Start of Dataset excerpts
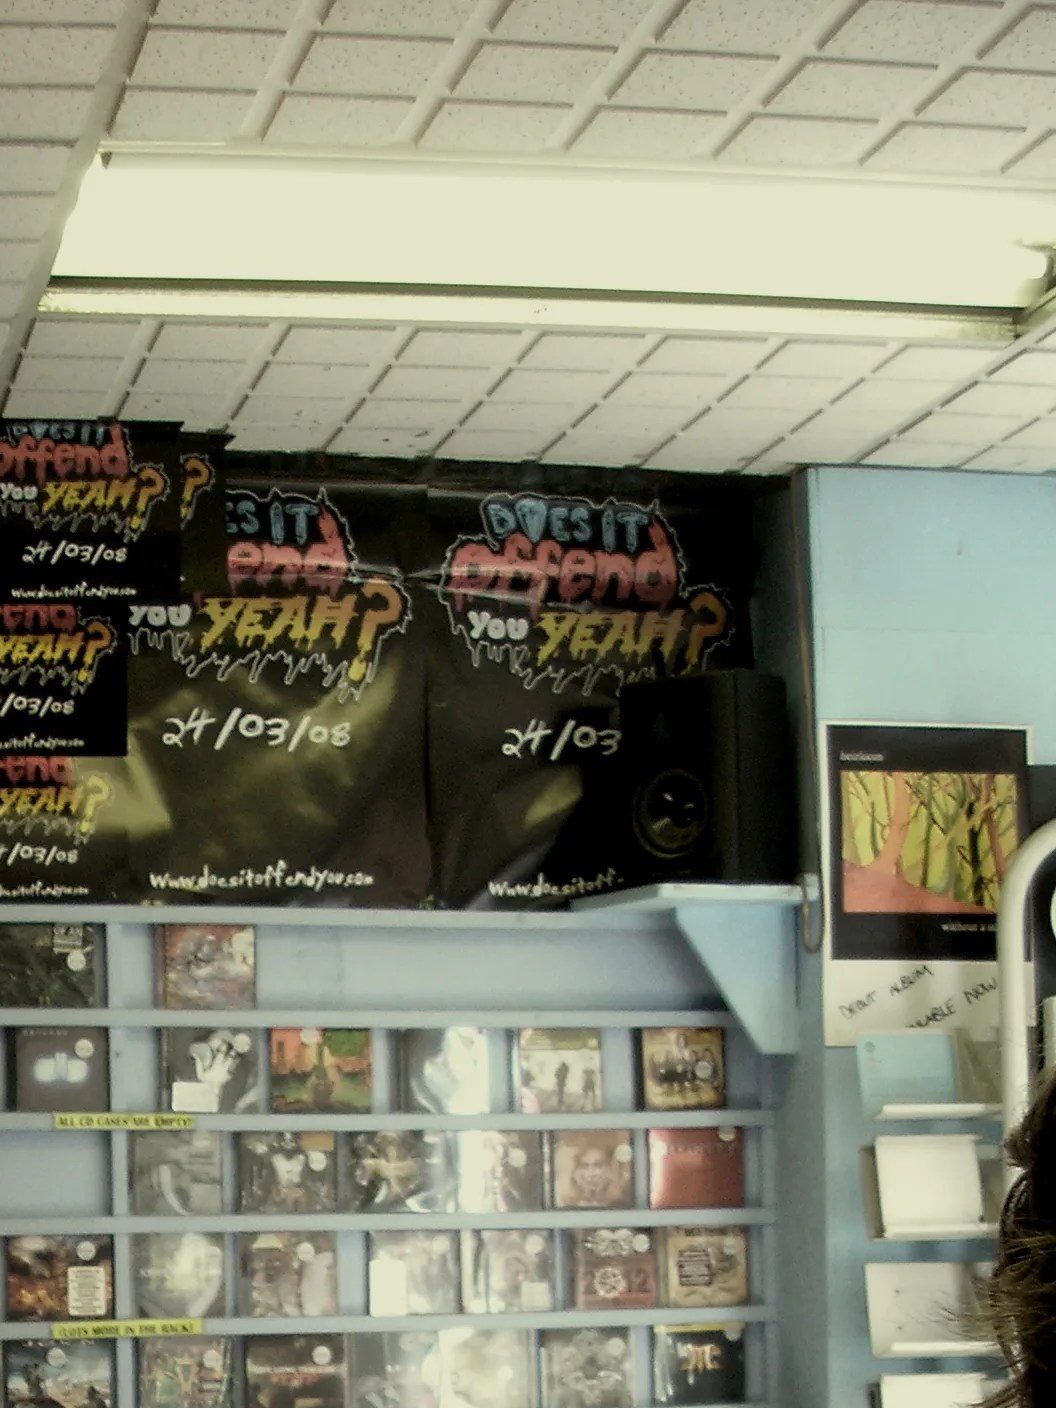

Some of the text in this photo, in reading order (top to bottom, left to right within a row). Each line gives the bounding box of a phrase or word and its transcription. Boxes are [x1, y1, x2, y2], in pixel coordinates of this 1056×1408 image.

[43, 467, 164, 529] YEAH?
[21, 540, 128, 565] 24/03/08
[601, 507, 649, 553] IT
[447, 516, 677, 606] offend
[199, 577, 403, 681] YEAH?
[161, 707, 352, 752] 24/03/08
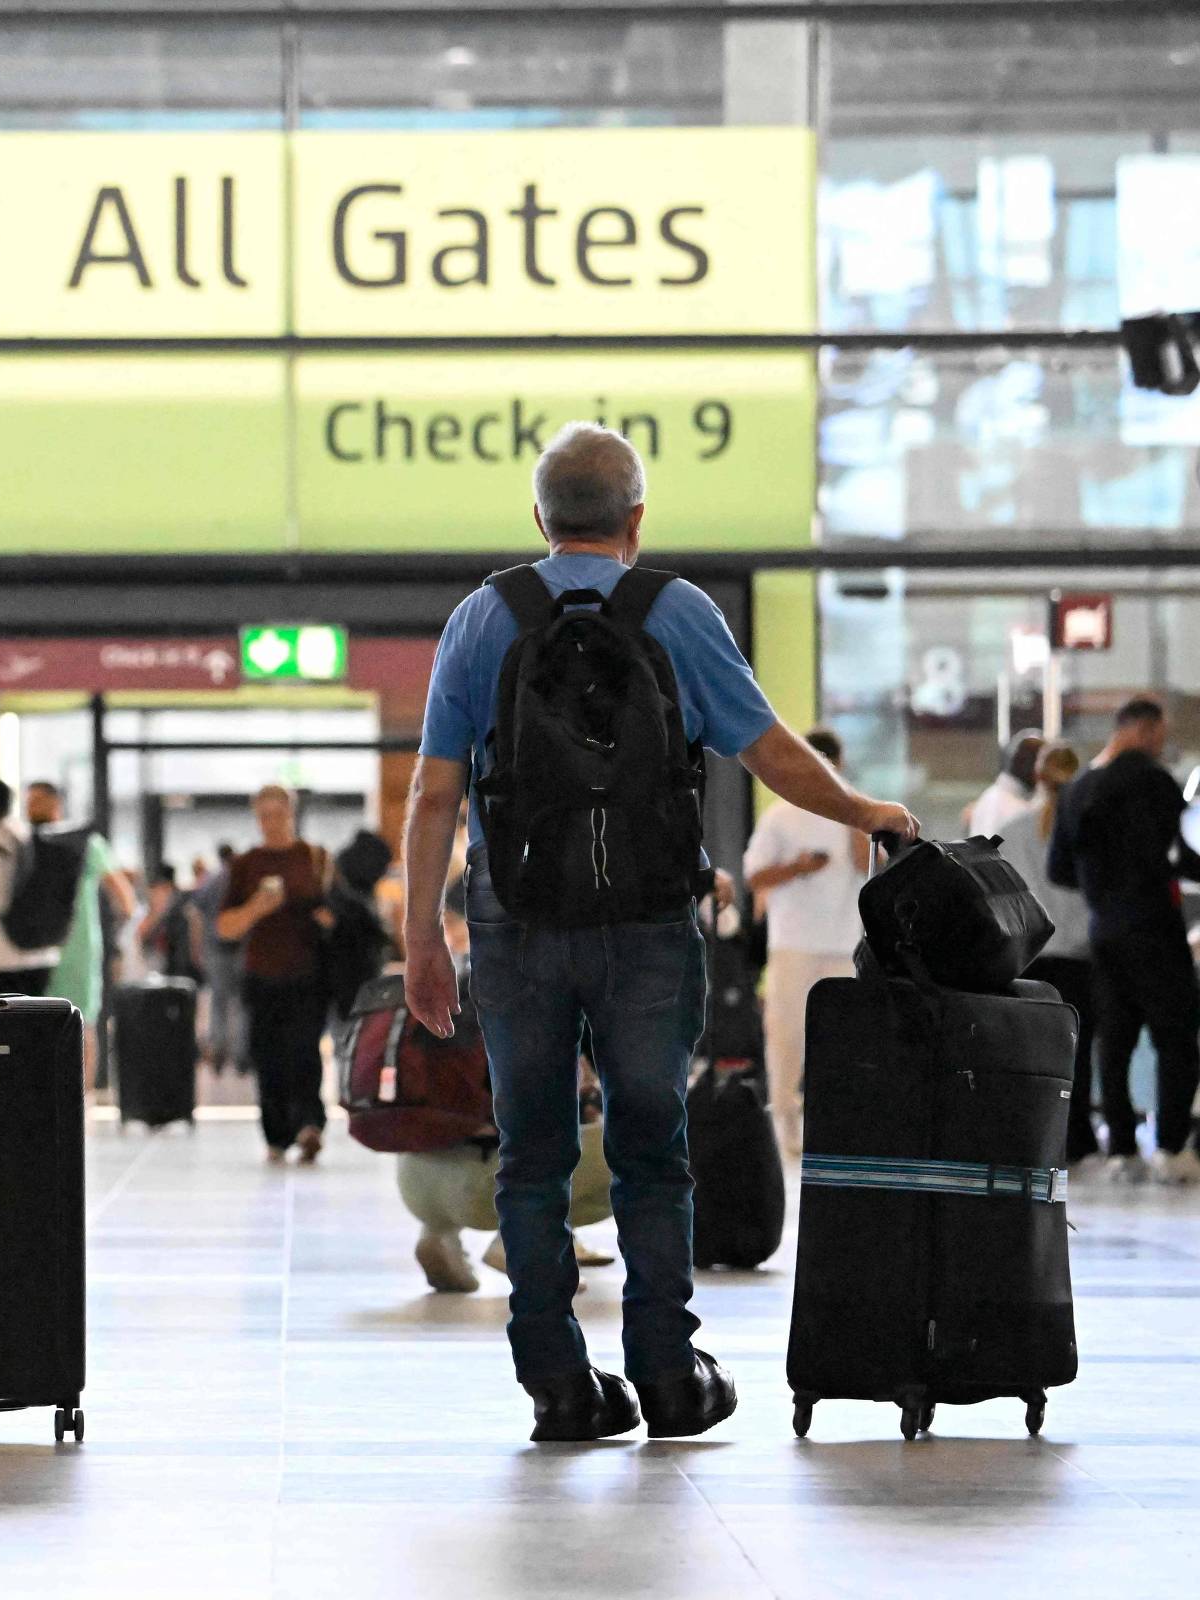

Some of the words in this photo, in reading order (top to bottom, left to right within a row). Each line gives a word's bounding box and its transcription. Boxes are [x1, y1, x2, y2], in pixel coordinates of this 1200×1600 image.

[68, 176, 248, 289] All
[332, 183, 711, 289] Gates
[325, 399, 545, 462] Check
[692, 400, 733, 460] 9
End of Dataset excerpts
Required work |
Your answer must restate the entries word for word and contain no pictures.

Reply |
Some of the text in this photo, in reading order (top to bottom, left to right within a row). Each line gives the bounding box of a phrase or word and its transcription. Boxes are [x1, y1, x2, y2], in pixel coordinates of this 1056×1408 image.

[43, 467, 164, 529] YEAH?
[21, 540, 128, 565] 24/03/08
[601, 507, 649, 553] IT
[447, 516, 677, 606] offend
[199, 577, 403, 681] YEAH?
[161, 707, 352, 752] 24/03/08

Some of the words in this photo, in reading order (top to bottom, left to right within a row). Each line gives a word's bounding box and its transcription. Boxes are [x1, y1, x2, y2], in pixel coordinates of this 1200×1600 image.

[68, 176, 248, 289] All
[332, 183, 711, 289] Gates
[325, 399, 545, 462] Check
[692, 400, 733, 460] 9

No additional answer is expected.